去年の10月、東京スタジアムで日本がブラジルを3-2で破った夜のことを覚えているだろうか。
あの試合、正直に言う。 「たまたまだ」と思った人間は、少なくないはずだ。 ブラジルのベストメンバーではなかった、コンディション的な問題があった、日本にとってホームだった——そういう留保が、無意識のうちに頭をよぎった。 それは一種の防衛本能だ。長年の記憶が、あまりにも根深いから。
1990年代に少年だったなら、ブラジルはもはや「別の生き物」だった。
ロナウド、リバウド、ロナウジーニョ、カカ。 バロンドールを手にしたブラジル人が、まるで順番待ちをするように連続して現れた。1997年から2007年の間、世界最優秀選手の称号はほとんどブラジルの持ち物だった。
そしてカカが2007年に受賞して以来、ブラジル人の名は一度もその頂点に刻まれていない。 約18年。
ヴィニシウスは2024年、限りなく近いところまで行った。しかし届かなかった。授賞式にブラジル側は現れず、その欠席そのものがある種の憤りの表れだったかもしれないが、受賞という事実は覆らない。「憧れのブラジル人」を、日本の子どもたちはいつの間にか描きにくくなっている。
象徴の不在は、実力の低下と無縁ではない。
数字で見ると、それはもっと残酷に、そして希望に満ちて見える。
World Football Elo Ratingsという指標がある。チェス由来の相対評価をサッカー向けに改良したもので、勝敗だけでなく得失点差やホームアドバンテージも計算に折り込む。学術的にも予測精度が高いとされ、FIFAも2018年からこの方式を取り入れた。
参考情報として手元にあるデータによれば、2021年のブラジルのEloは2149。日本は1760。その差389点。 当時の中立地における日本の期待勝率は、9.6%だった。
10回やって1回勝てるかどうか。 それがほんの5年前の現実だった。
そして2026年6月現在、ブラジルは2009、日本は1910。 差は99点。 期待勝率は36.1%。

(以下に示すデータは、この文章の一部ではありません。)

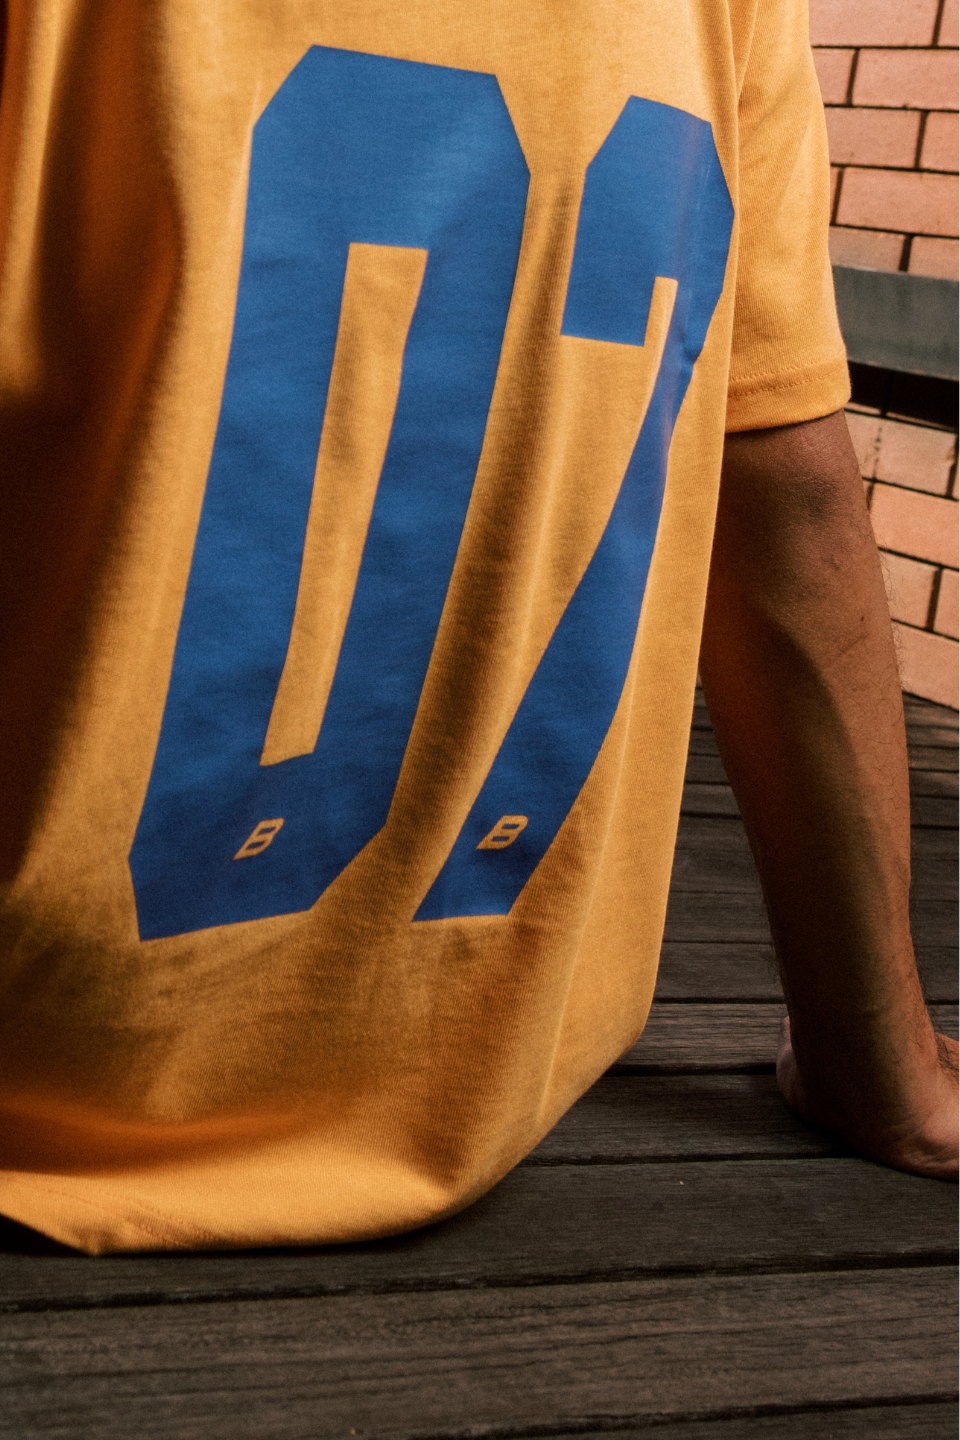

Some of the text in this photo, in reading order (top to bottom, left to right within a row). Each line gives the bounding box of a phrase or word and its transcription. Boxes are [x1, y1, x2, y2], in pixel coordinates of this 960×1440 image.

[128, 44, 735, 941] 07
[233, 817, 284, 860] B
[476, 814, 528, 850] B

5年で4倍近く跳ね上がった。 「ほぼ一方的」から「3回に1回は十分あり得る」へ。
ここで強調しておきたいのは、これは「日本が頑張った」という話だけじゃない。ブラジルが下がったという話でもある。2021年から現在にかけて、ブラジルのEloは約140点落ちた。日本が同じ期間に約150点上げたこととほぼ対称をなしている。双方向の動きが、この99点差を生んだ。
世代交代の難しさ、南米予選での苦戦、監督の交代——ブラジルもまた、自分たちの問題と格闘している。

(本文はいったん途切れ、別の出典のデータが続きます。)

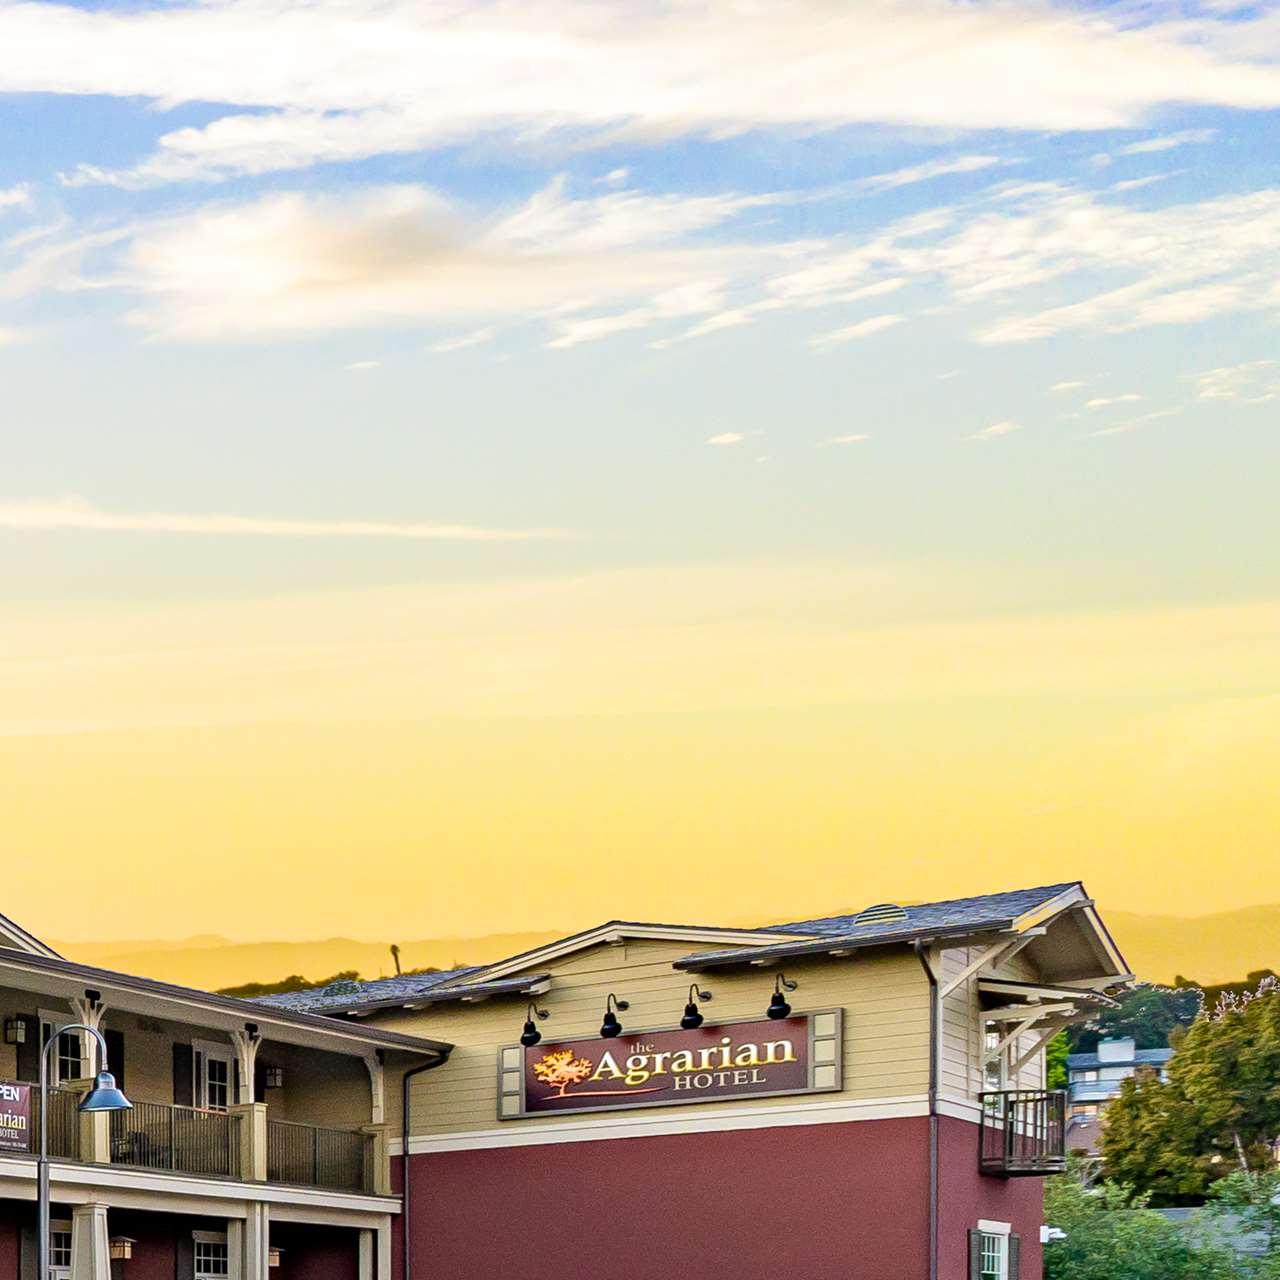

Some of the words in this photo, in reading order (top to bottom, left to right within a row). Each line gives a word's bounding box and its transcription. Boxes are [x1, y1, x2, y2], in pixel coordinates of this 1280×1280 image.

[629, 1041, 654, 1054] the
[587, 1036, 798, 1087] Agrarian
[672, 1068, 767, 1092] HOTEL
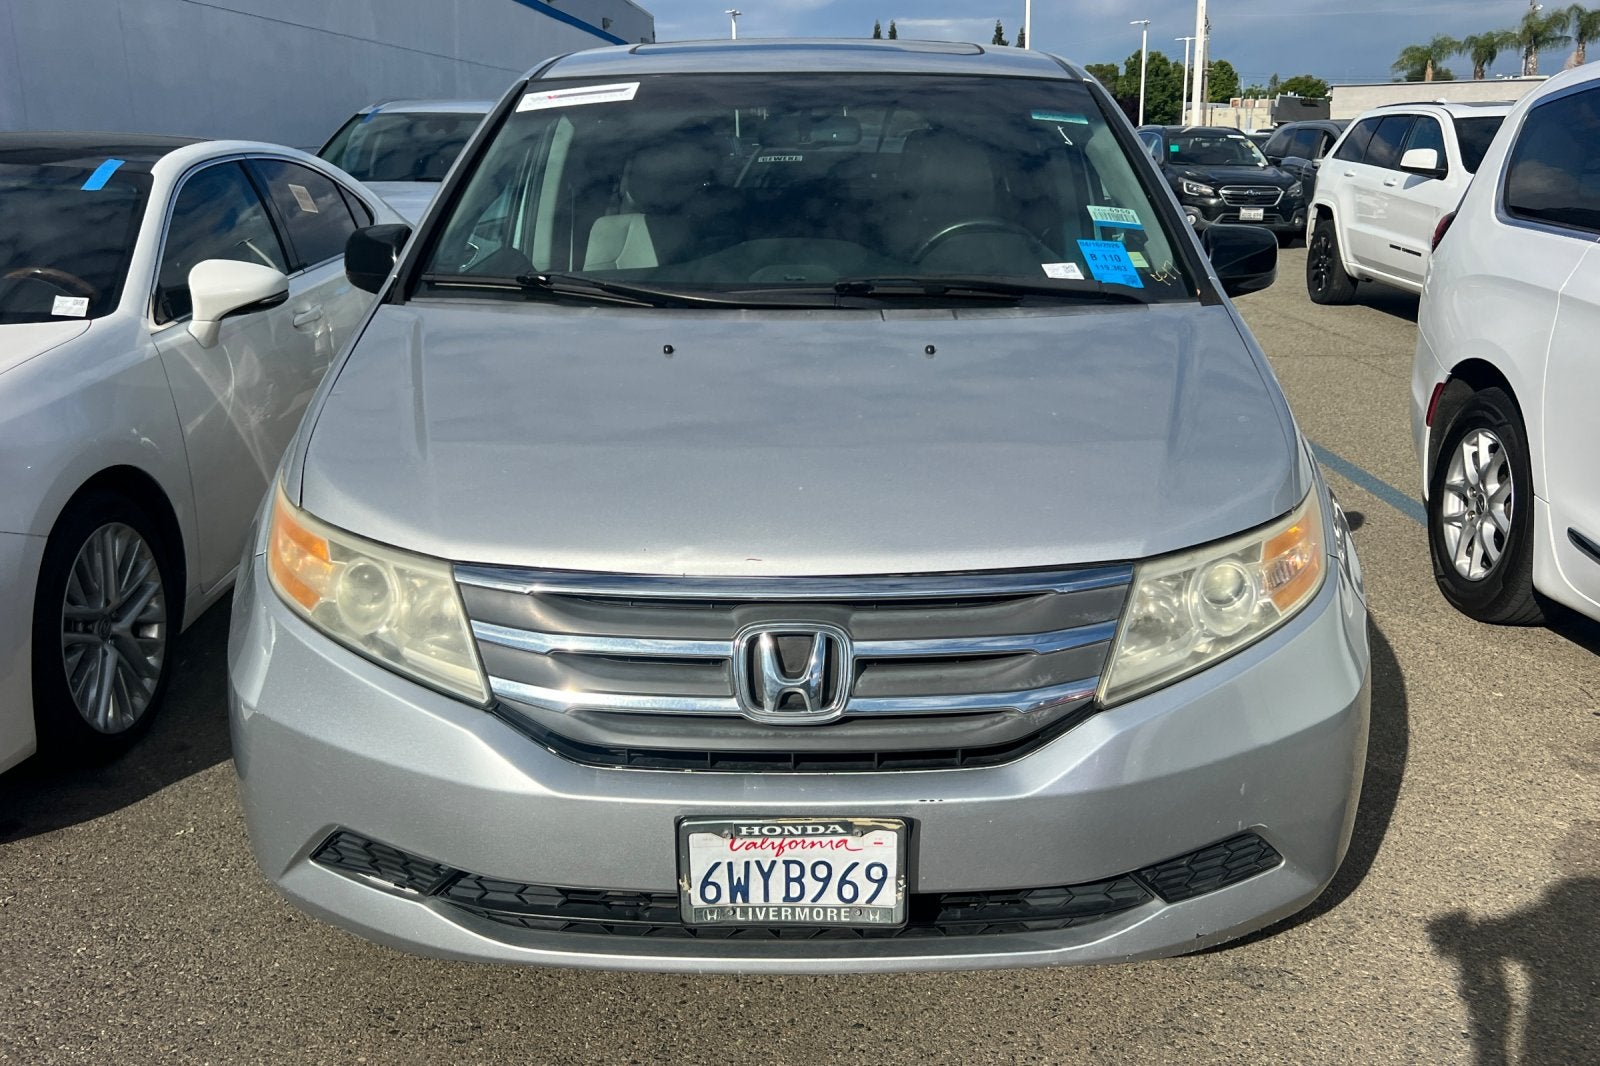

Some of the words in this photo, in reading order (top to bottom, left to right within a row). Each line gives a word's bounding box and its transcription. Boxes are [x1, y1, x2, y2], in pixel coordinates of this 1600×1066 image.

決勝トーナメント1回戦、日本対ブラジルが現実になるかもしれない。 会場はアメリカ。中立地だ。ホームアドバンテージは、お互いにない。
Eloの序列で言えば、6月26日時点でブラジルは世界5位、日本は13位。ブラジルはまだ「2位グループ」の最後尾ではある。けれど日本は、その背中が視野に入る位置にいる。
1992年当時のElo差は約469点。それが30年で99点になった。 数字の縮まり方は、ドイツやスペインに勝った夜の興奮だけじゃ説明できない。久保、三笘、鎌田ら欧州主要リーグでプレーする選手層が分厚くなり、チームとしての練度が積み上がった。構造的な変化が、Eloの変化として現れている。
それでも、だ。
99点差というのは、依然として差がある、ということでもある。 64%対36%。ブラジルが有利な試合であることは変わらない。
でも考えてほしい。 かつて「10%以下」だった数字が、今は「36%」になっている。 3回やれば1回以上は日本が勝つ計算になる、そういう水準だ。
昨年10月、東京で勝ったあの夜を「たまたまだ」と片付けることは、もうできない。 あれはたまたまじゃなかった——少なくとも、そう言い切れるだけの根拠が、数字の中にある。
期待していい。 それだけは確かだ。